═════ Exercise data

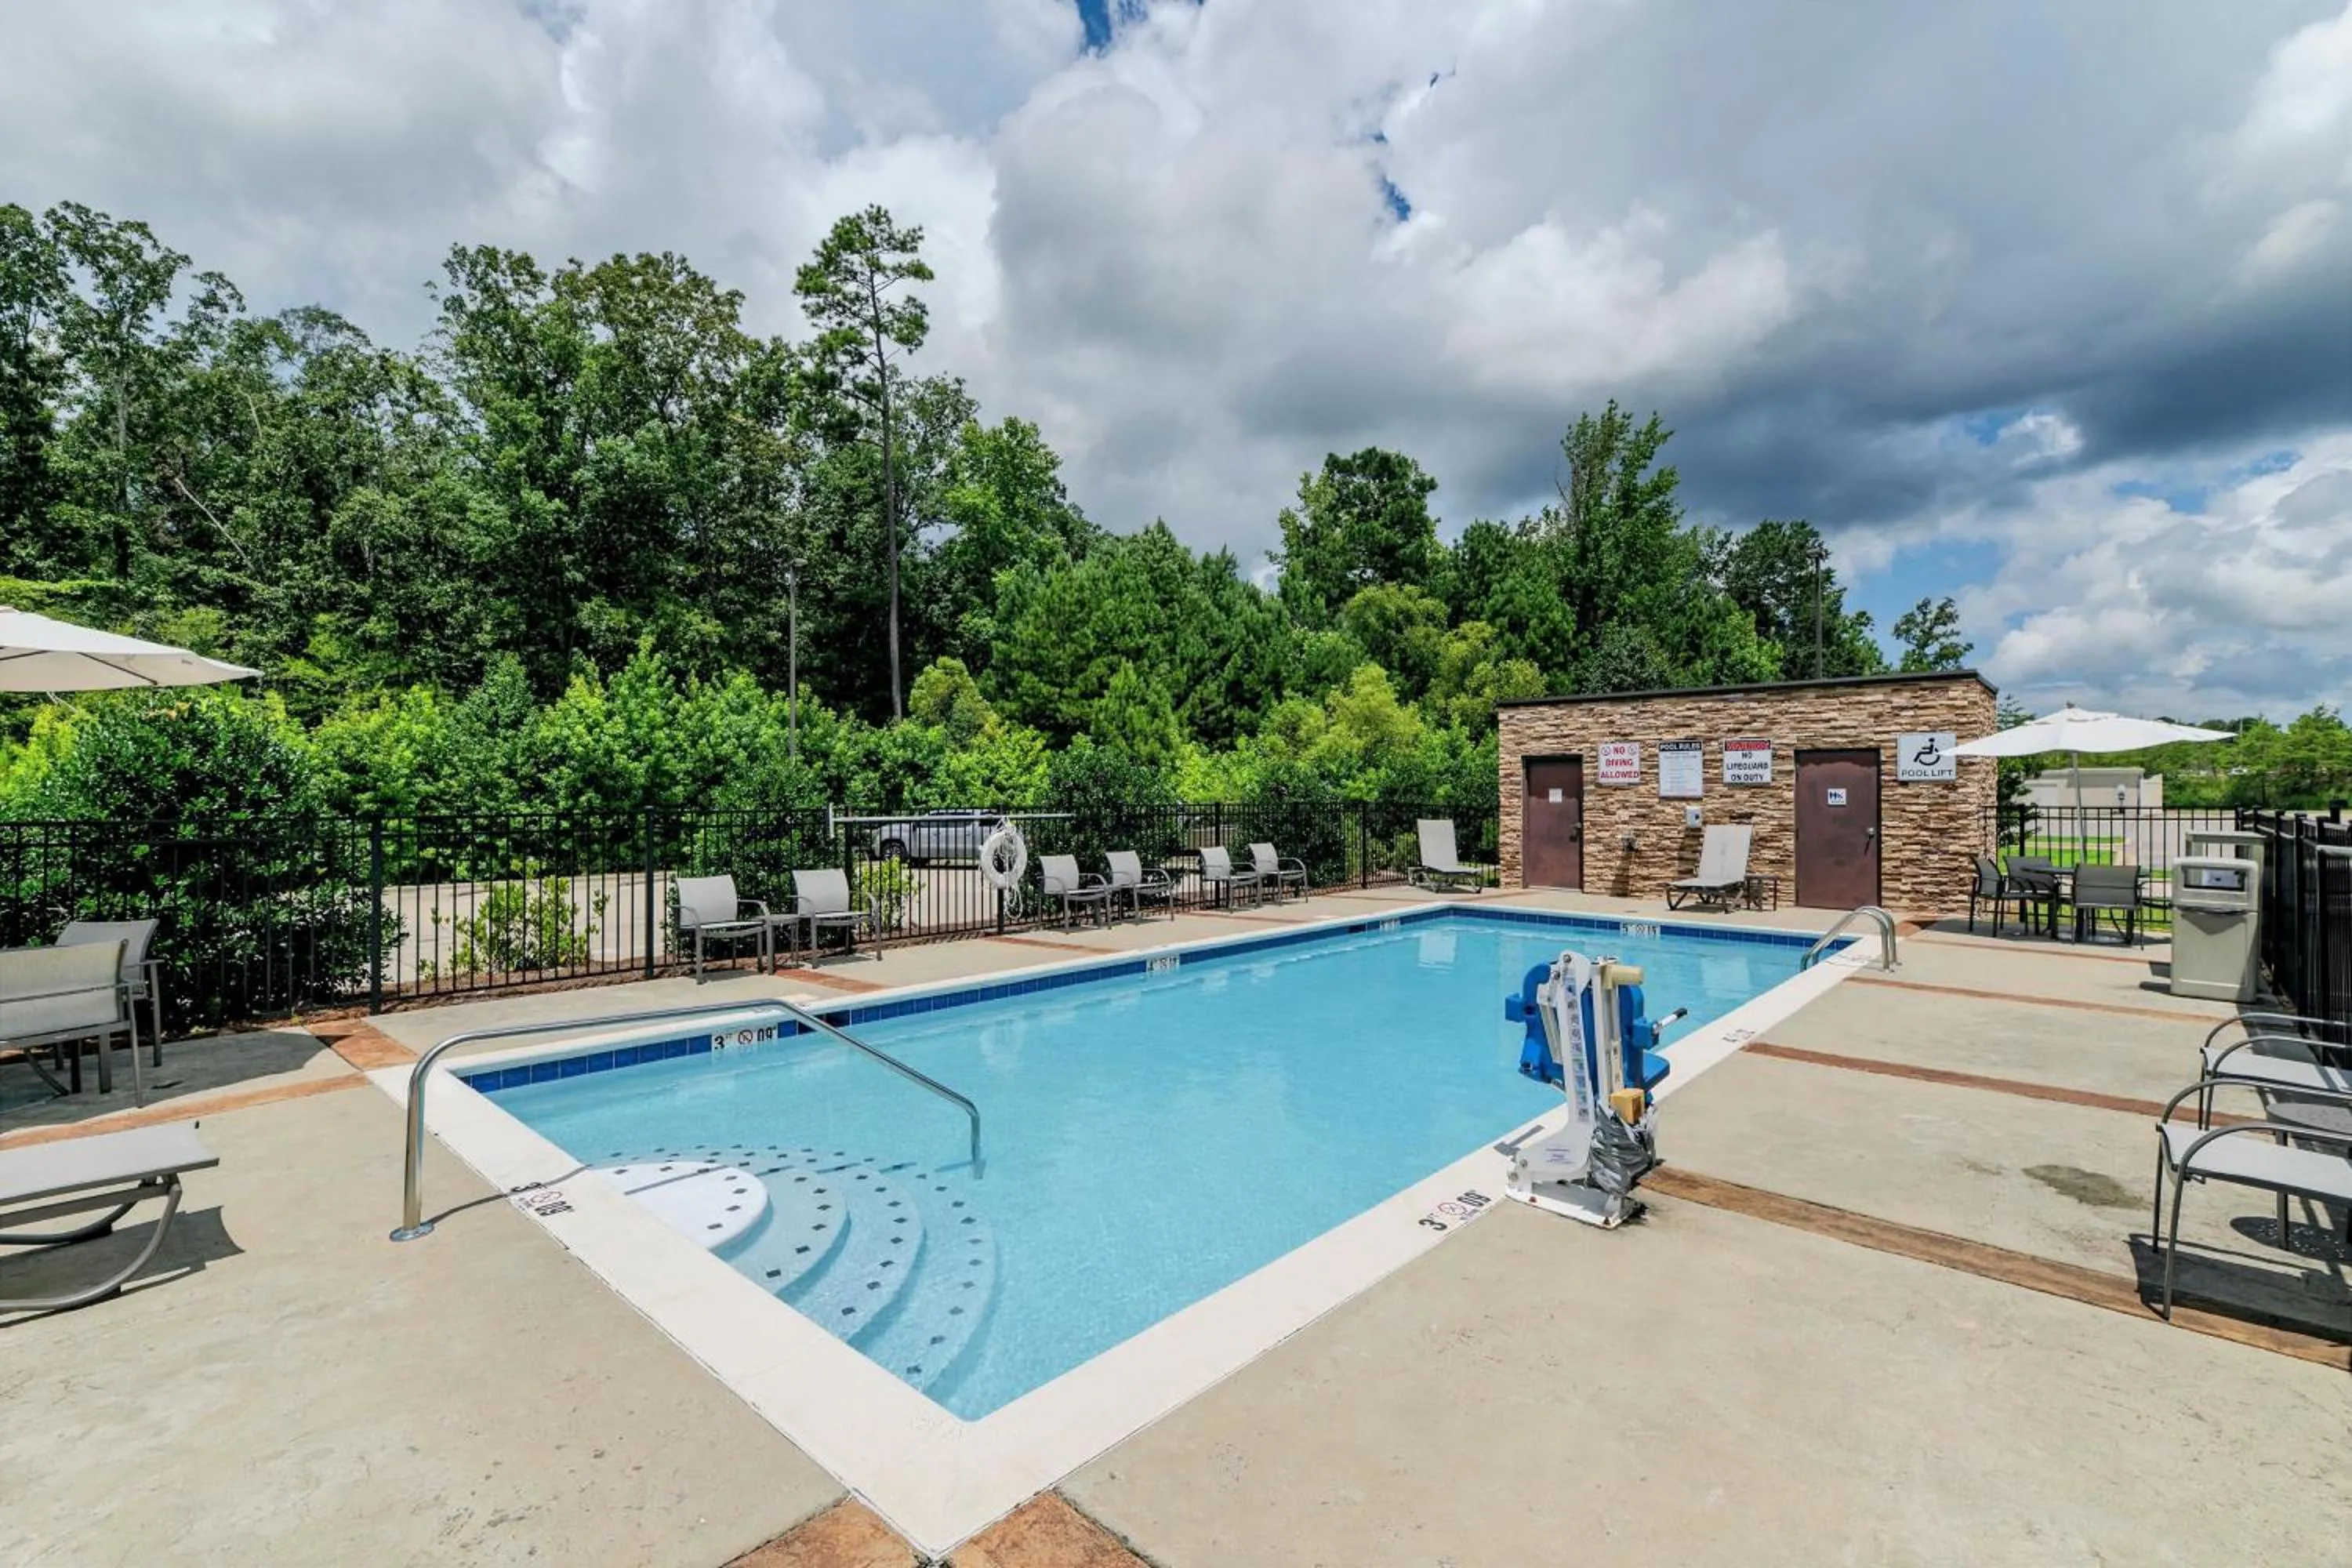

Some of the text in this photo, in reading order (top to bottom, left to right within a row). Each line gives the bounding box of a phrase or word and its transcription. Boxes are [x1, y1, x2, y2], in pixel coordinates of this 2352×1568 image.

[1613, 746, 1625, 754] NO
[1726, 762, 1769, 771] LIFEGUARD
[714, 1036, 725, 1050] 3
[1418, 1219, 1447, 1231] 3

══════════

Task to complete => Transcribe all the lines above exactly; any image among them is skipped.

Written response =>
Some of the text in this photo, in reading order (top to bottom, left to right within a row). Each line gives the bounding box of a phrase or word and its transcription. Boxes are [x1, y1, x2, y2], in pixel coordinates of this 2352×1568 image.

[1613, 746, 1625, 754] NO
[1726, 762, 1769, 771] LIFEGUARD
[714, 1036, 725, 1050] 3
[1418, 1219, 1447, 1231] 3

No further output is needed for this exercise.